Can’t say I’m terribly surprised re the thread after your own response to me last time you saw me, but I do confess to a little surprise at your lack of (or perhaps lack of generosity/compassion in) understanding on this.

I know you to be a fiercely intelligent woman, and pretty much would swear you were anti-bigotry of any kind. I know you grasp the theory behind transexuals for example, the whole ‘being born in the wrong body’ bit. So your comment to pix re her shirt making her look like a lesbian and that you didn’t like that, made my jaw drop frankly. I was a little confused, since you two are in a lesbian relationship, and mildly offended I suppose in that you appeared to be segregating lesbians in your own mind as ‘normal’ looking (i.e. not lesbian looking, just being) and ‘that way’ looking.

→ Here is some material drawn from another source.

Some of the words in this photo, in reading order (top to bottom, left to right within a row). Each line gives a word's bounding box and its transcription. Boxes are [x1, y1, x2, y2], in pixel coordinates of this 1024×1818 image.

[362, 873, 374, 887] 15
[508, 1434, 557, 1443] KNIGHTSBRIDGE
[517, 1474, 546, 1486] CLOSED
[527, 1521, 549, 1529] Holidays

It reminded me of those newspapers personal adverts – wanted ‘straight looking gay’.

Further to that then came your post here about women ‘trying to look like men’, which as an assumption actually enormously and erroneously undermines several decades of important women and lesbian experience. Butch dykes have been around forever in some form or other, and happily so, and mostly *not* because they wanted to look like men – they just didn’t buy into that whole line of women had to look like the magazine adverts or as society ‘told’ them to dress.

Of course that’s ignoring the ones who actually ‘do’ enjoy living within society gender defined ‘norms’ even within lesbian relationships – and nothing wrong with that either I might add – some like to feel like a husband and wyfe, and fit those roles for each other. And of course thus far I’m ignoring the trans experience, which is also a completely different matter.

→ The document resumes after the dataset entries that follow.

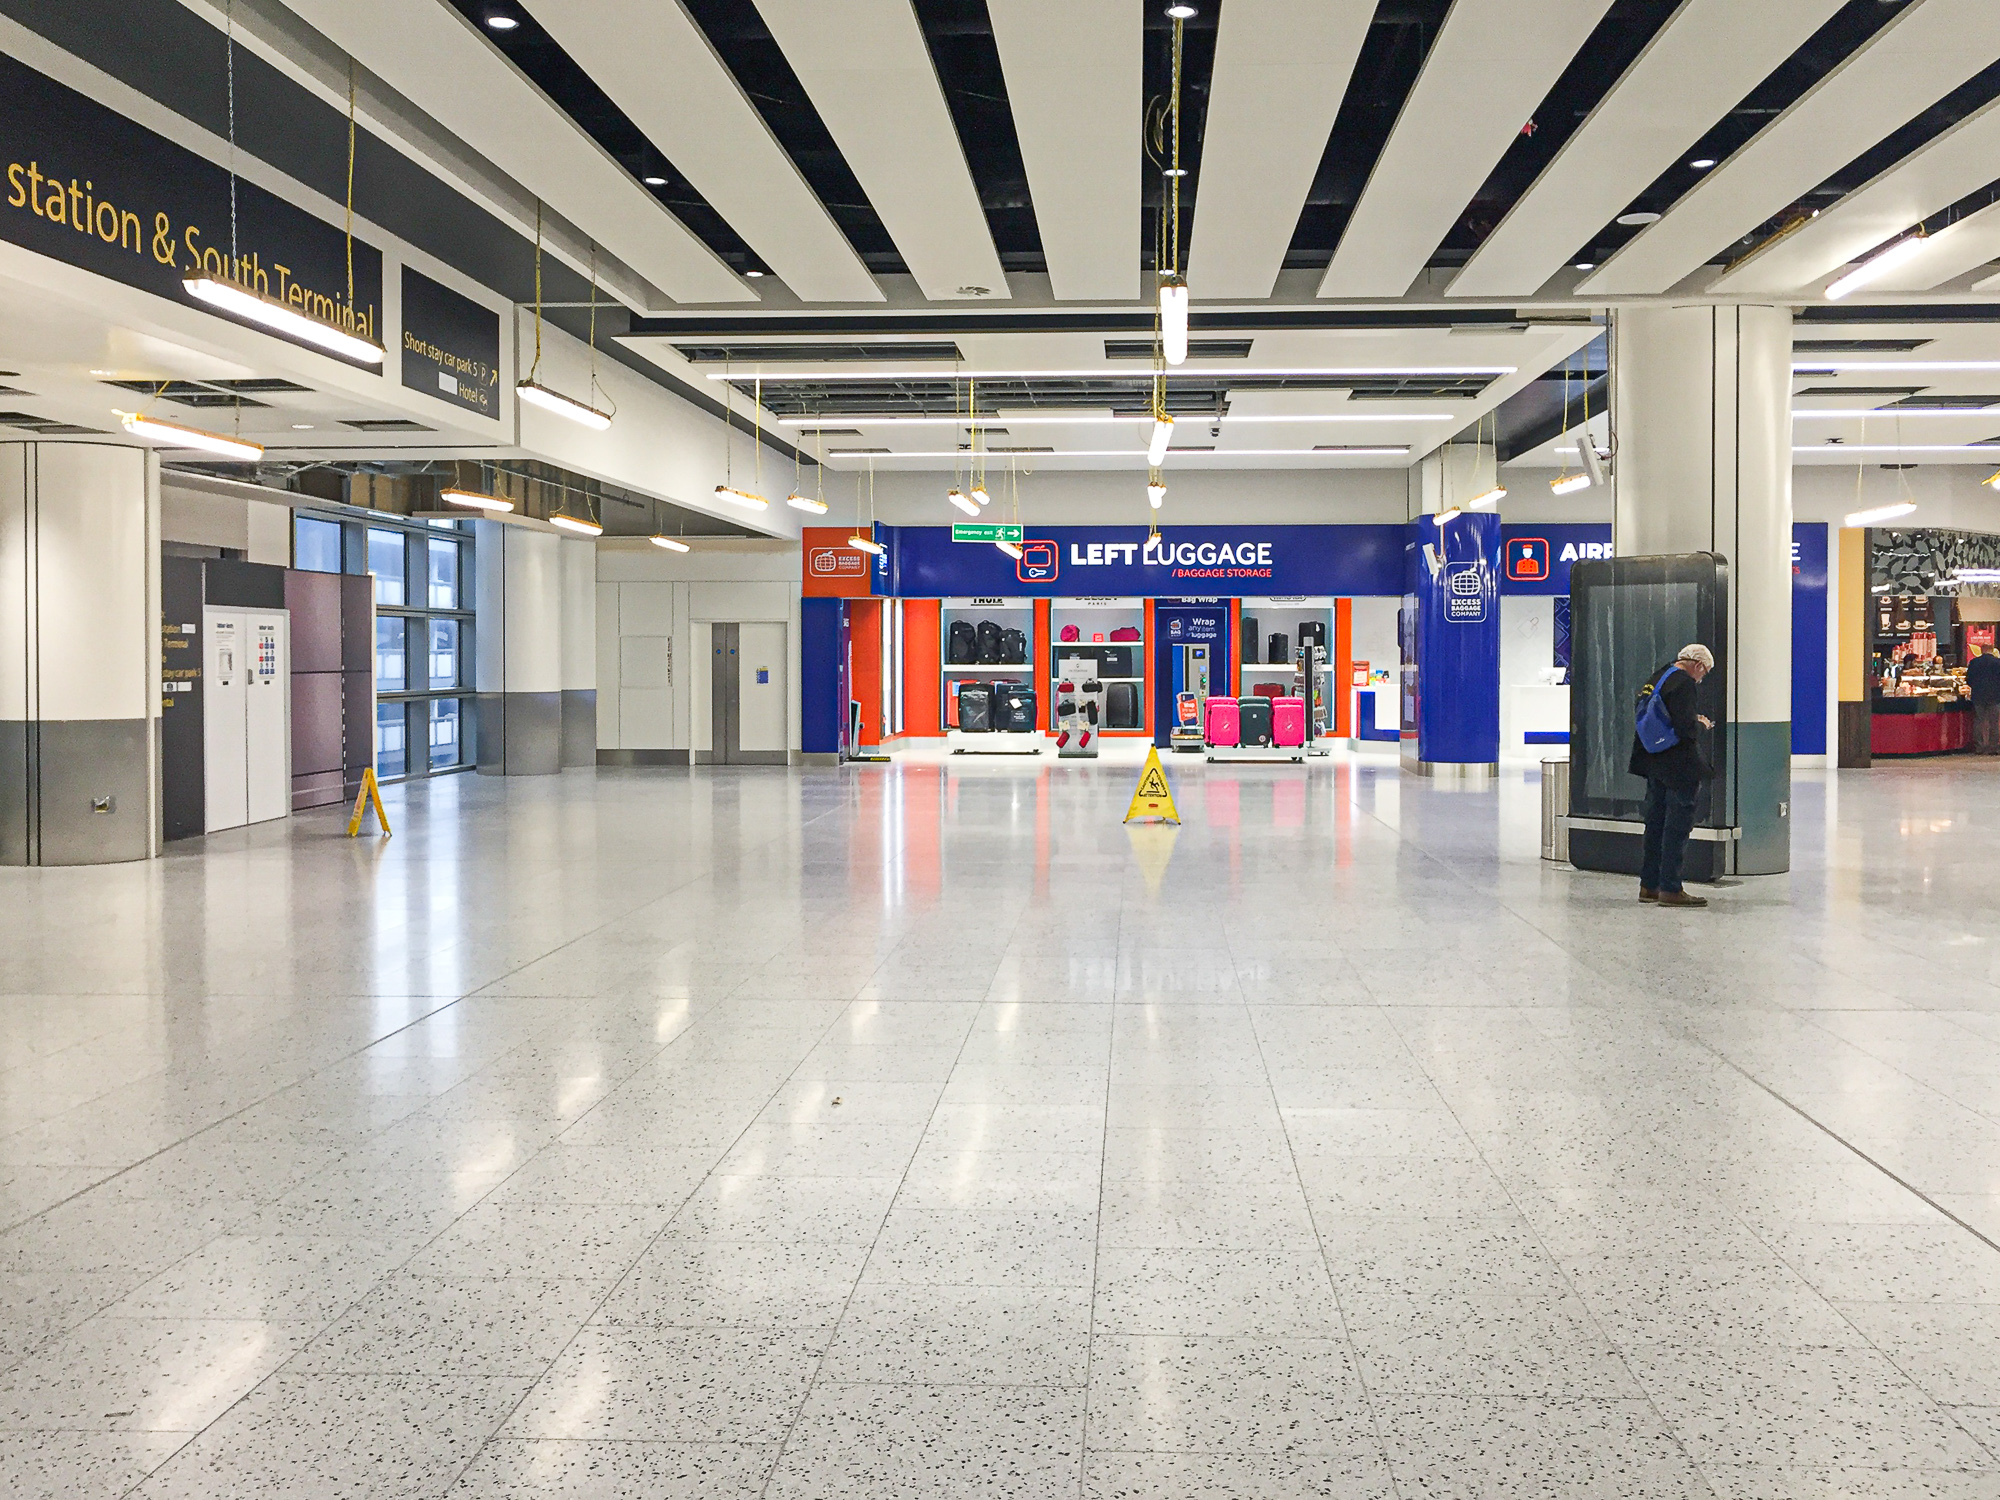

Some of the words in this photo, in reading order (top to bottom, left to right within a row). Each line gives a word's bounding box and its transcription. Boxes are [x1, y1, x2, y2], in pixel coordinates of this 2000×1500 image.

[8, 161, 142, 254] station
[152, 211, 177, 268] &
[185, 225, 269, 293] South
[274, 263, 374, 339] Terminal
[404, 331, 427, 355] Short
[428, 344, 444, 366] stay
[444, 352, 456, 367] car
[456, 357, 472, 375] park
[458, 381, 478, 403] Hotel
[1070, 543, 1138, 565] LEFT
[1143, 542, 1273, 566] LUGGAGE
[1227, 568, 1272, 578] STORAGE
[1192, 618, 1216, 626] Wrap

Back to your question then.

——–

I know you personally and happen to think you’re positively worship-worthy ~grin~ in other words I respect you totally, as an intelligent, formidable and splendid example of traditional yet strong and utterly sexy ‘womanhood’. You choose and prefer to wear sparklies, fluffy, pink, makeup/jewellery, sexy smart suits etc, and you always look fabulous – it’s a look that suits you very well indeed. Pix on the other hand? I can see her in anything from high femme sexy to positively dykey sexy! ~chuckles~ …however she pretty much feels, would suit her at the time if she chose.

Indeed there have been times in my life (and not so very long ago either) when I have worn such things, crushed velvet sheath dresses, red nails and lips, heels etc. I know the ‘power’ of such styles of dress as a woman. I’ve revelled in exuding it, enjoying the whole process. I still do – just nowadays I prefer to enjoy it on others ~chuckles~ It no longer suits me, and I think most who know me well would agree. I’d look like a rocky horror picture show reject ;-)

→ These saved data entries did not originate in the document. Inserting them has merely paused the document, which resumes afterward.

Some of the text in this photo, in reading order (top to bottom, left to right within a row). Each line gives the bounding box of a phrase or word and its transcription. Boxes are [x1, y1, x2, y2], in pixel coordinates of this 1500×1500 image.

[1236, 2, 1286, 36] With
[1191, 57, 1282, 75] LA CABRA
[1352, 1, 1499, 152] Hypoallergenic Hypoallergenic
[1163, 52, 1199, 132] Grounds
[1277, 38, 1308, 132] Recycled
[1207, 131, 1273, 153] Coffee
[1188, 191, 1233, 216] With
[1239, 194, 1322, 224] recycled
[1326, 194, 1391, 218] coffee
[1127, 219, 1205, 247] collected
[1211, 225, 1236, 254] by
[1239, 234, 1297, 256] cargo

There have been other times in my life when I cared more about being a parent and my hair/nails/clothes went totally casual, but I didn’t care much because at that time, it truly didn’t matter. My role as a mother totally took priority at that time. Being fun or just available, even if I looked daft or scruffy, mattered much more to me or the kids.

In the past decade I’ve changed, inch by inch, yet again. I went from being a well known high femme (the power dressing I knew and was familiar with) with just the occasional relaxed comfy moment… over to a far more comfortable for me, classic lesbian/leatherdyke look (though ironically I am bisexual, or rather I’m gay in whichever gender role I’m at… oh whatever stop digressing DK!) – anyway i.e. all jeans/vests/shirts and of course leathers. NOT however the check shirt and doc martins look as that’s not exactly my style!

Historically and personally, back as far as 2001 Sundays became an important family day for me/us, when I began to enjoy being the family ‘Daddy’, taking folk out to a car boot, buying ice creams, having fun with my loves in a very paternal role.

But as for that particular style of dress, it always put me mentally into a place where I was comfortable and felt sharp and sexy, easily. I went from agonizing over nail polish and twenty different tops to blissfully slipping into a smartly pressed shirt and knowing I looked just as sharp and just as sexy. …at least, certainly to the type of women that I myself was into/in love with/loved. It was easier, more natural, more comfortable. I feel more comfortable, sexy, strong, confident and powerful than I ever did as a femme!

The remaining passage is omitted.